One thing that you don’t know about North Korea’s persistent nuclear tests is that with every test, the country nears achieving its ultimate nuclear goal. The Kim administration aims at developing an intercontinental ballistic missile that can strike American mainland.
In efforts to meet this goal, North Korea has tested its third missile in three weeks, landing in Japanese waters. This marks the 12th test the North has done this year amidst increased United Nations and United States warnings and sanctions.
The U.S. security personnel reported that the short-range missile flew for 6 minutes before it fell in Japan’s exclusive economic zone (EEZ).
The launch happens barely a week after President Donald Trump’s speech at the G7 summit that the big North Korea problem will be solved.
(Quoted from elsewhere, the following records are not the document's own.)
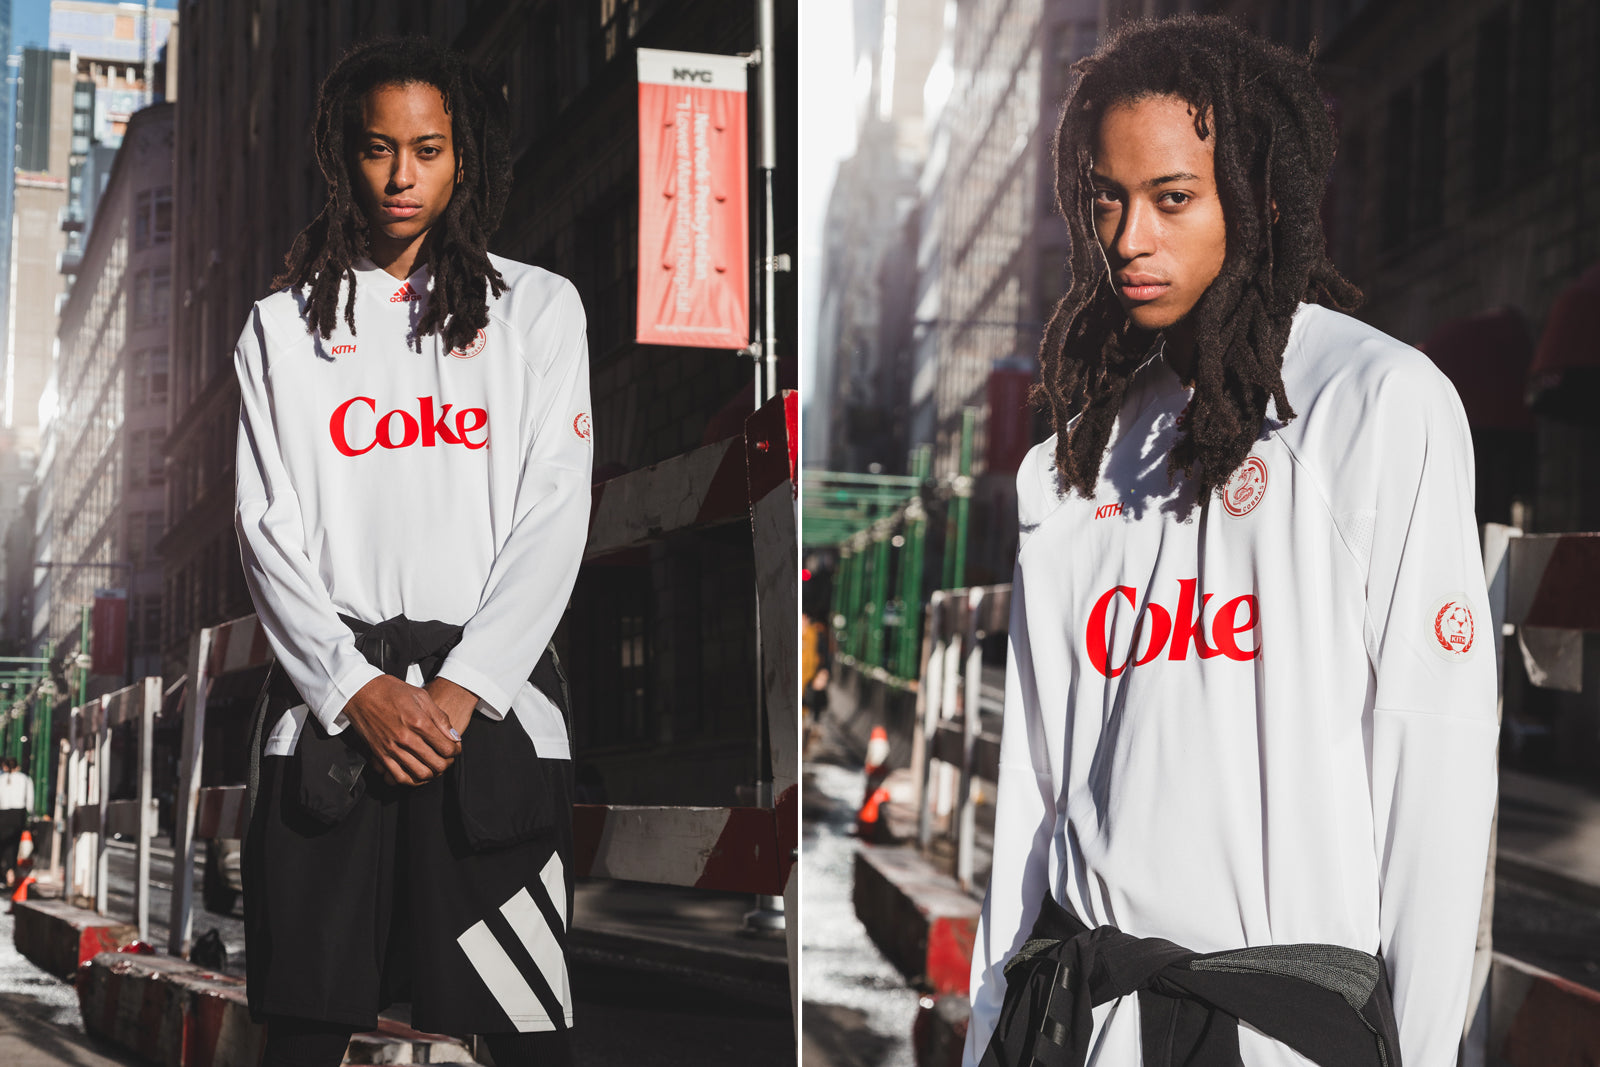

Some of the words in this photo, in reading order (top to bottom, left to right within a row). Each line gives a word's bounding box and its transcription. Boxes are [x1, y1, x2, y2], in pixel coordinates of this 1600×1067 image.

[673, 67, 713, 83] NYC
[675, 111, 691, 157] Lower
[676, 158, 692, 245] Manhattan
[389, 293, 422, 303] adidas
[673, 247, 692, 312] Hospital
[331, 344, 357, 355] KITH
[329, 395, 489, 458] Coke
[1094, 501, 1125, 520] KITH
[1242, 485, 1265, 513] COBRAS
[1085, 577, 1262, 680] Coke
Prime Minister Shinzo Abe was quick to respond to the attack, terming it a provocation that will not be tolerated.
“We will never tolerate North Korea’s continued provocations that ignore repeated warnings by the international community,” the PM told reporters.
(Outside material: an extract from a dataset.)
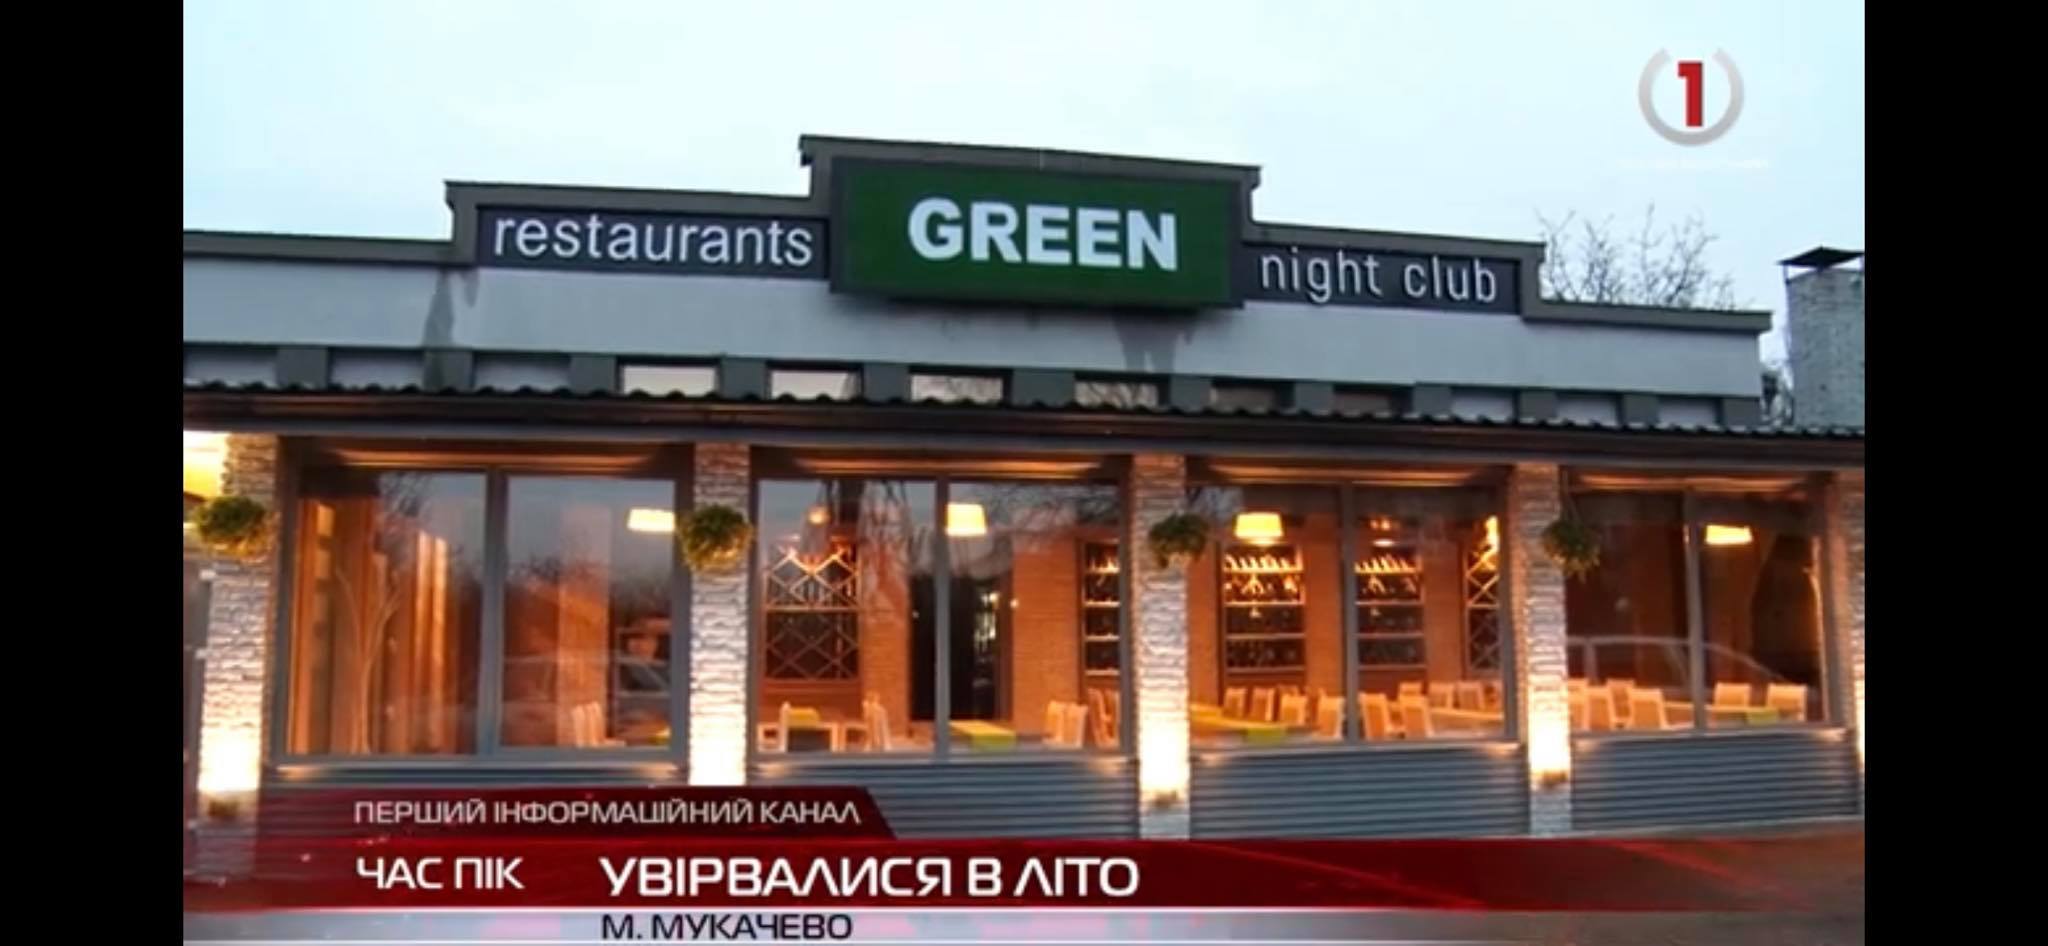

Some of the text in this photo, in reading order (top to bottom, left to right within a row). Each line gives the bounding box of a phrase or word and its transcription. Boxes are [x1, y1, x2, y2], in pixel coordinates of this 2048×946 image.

[494, 212, 814, 266] restaurants
[908, 198, 1178, 271] GREEN
[1260, 247, 1497, 302] night club
He added that the G7 arrived at an agreement that the North Korea issue is an international concern and that Japan in collaboration with the U.S. will take concrete action.
The Monday test is the second time the missile test has fallen provocatively in the soils of its neighbors.
It covered a distance of about 450 kilometers after which it landed in the Sea of Japan bordering the Korean peninsula.
Could catalyze conflicts
North Korea nuclear tests have only one goal in mind – gain the power to deliver a nuclear warhead to the US mainland. The country believes that achieving such victory is the only way of guaranteeing its survival as a nation.
The isolated nation is heavily loaded with nuclear and has in the past three weeks test-fired a missile on a weekly basis. This is a trend that many analysts believe is likely to go on.
The North believes in keeping its military stronger so as to protect itself against United States dominance.
Michael Penn, president of the Tokyo-based Shingetsu news agency, explains that these tests appear as though they are the priority for the North Korean regime.
But the United States seems not ready to engage in a conflict with the country, preferring diplomacy as the best alternative. Of course the U.S. have a stronger military compared to that of North Korea, but engaging in such war would likely cause the death of millions.
“The North Korean regime has hundreds of artillery cannons and rocket launchers within range of one of the most densely populated cities on Earth, which is the capital of South Korea.”
Japan and South Korea feel threatened by the regime and in case war broke out, both China and Russia would be impacted. The reality of the matter is that such war would be catastrophic and thus the best that the two nations can do is embrace diplomacy.